For some people, simply suggesting that they had a bad childhood experience with a certain food may cause them to think twice before eating it again, researchers reported Monday.

The implication, they say, is that false beliefs about food could serve as a basis for a whole new form of dieting—where, for instance, parents of a junk-food-loving teen tell him that a doughnut made him sick when he was 4.

In experiments with college students, the researchers found that they could make some believe that strawberry ice cream had made them sick as children, simply by telling them it had happened.

More to the point, some of these “believers” indicated that in the future, they would avoid the offending food.

If such manipulation works in the real world, said study co-author Dr. Elizabeth F. Loftus, “we could be on the brink of designing a new dietary technique.”

But don’t expect false-belief dieting centers to start popping up.

“People won’t be able to go to a therapist and say, ‘Do this to me,’” said Loftus, a professor of social ecology at the University of California, Irvine.

The experiment, she told Reuters Health, worked in some cases only because the students were unaware of what the researchers were doing. They had been told only that they were taking part in a study of “food and personality.”

In reality, the research involved two experiments in planting false-beliefs, the results of which are published in the early online edition of the journal Proceedings of the National Academy of Sciences.

In each experiment, students filled out several questionnaires about food preferences and personality. When they returned to the lab a week later, they were told that their responses had been run through a special software program that had come to certain conclusions about them.

Some of the students were told, among other things, that as a young child, they had gotten sick after eating strawberry ice cream. Others were told a chocolate chip cookie was the offending food. A third group received no bad news about their history with the treats.
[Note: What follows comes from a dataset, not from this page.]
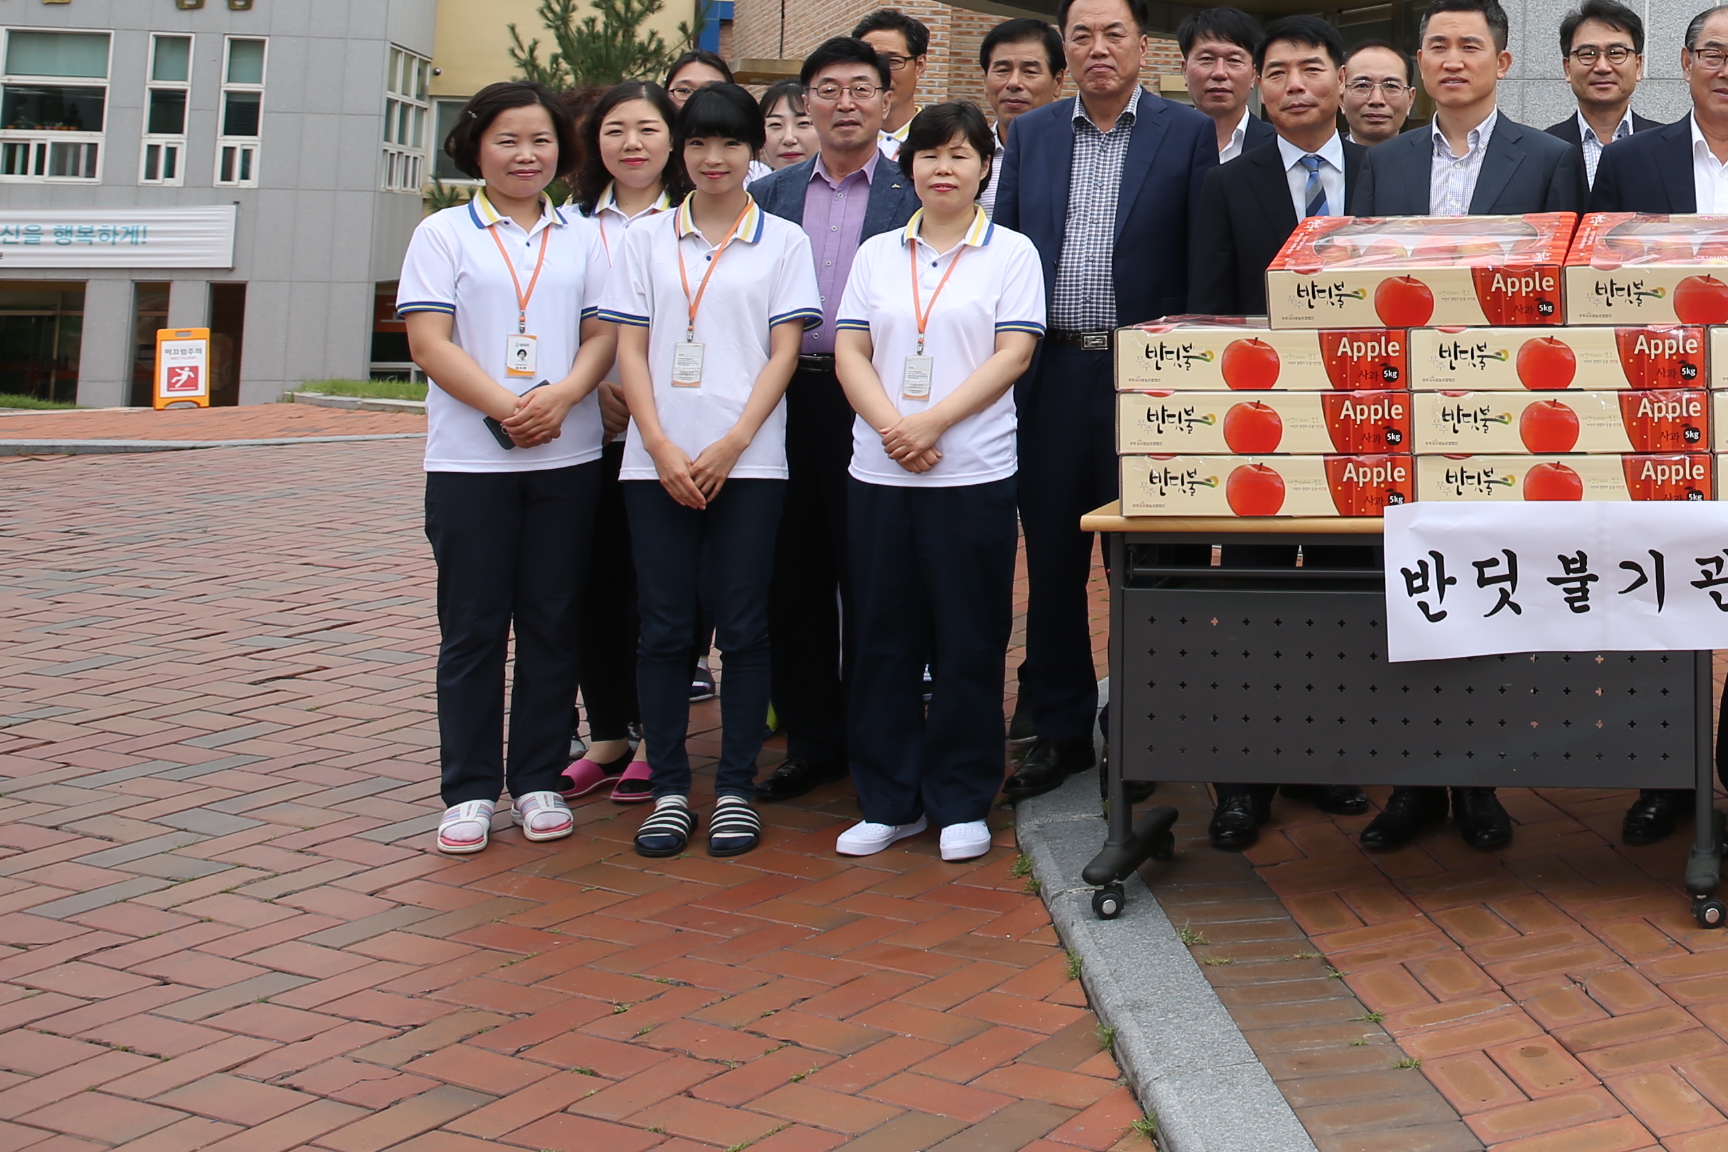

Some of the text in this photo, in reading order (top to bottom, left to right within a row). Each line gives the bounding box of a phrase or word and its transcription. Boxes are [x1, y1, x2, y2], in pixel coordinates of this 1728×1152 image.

Subsequent questionnaires showed that between 20 and 41 percent of students in both experiments fell for the strawberry ice cream tale. Their regard for the food also fell, with some indicating they would likely avoid it in the future.

The manipulation did not work, however, when it came to chocolate chip cookies. The researchers speculate that because people generally eat chocolate chip cookies far more often than they do strawberry ice cream, it may be hard to shake a person’s faith in the cookie.

It’s also unclear, Loftus pointed out, whether false beliefs truly change a person’s eating habits—and not just their reported inclinations—and whether any such effect would be lasting.

Still, it’s possible that eating habits could be altered through a strategically planted false belief, according to Loftus. The scenario that comes to mind, she said, would be one in which parents tell their teenager that he or she had a not-so-sweet experience with a sweet in early childhood.

“People do cringe at the idea of parents lying to their children,” Loftus acknowledged.

But, she and her colleagues note in the report, the lie could also have a positive spin—like reminding a child how much she enjoyed asparagus as a tot.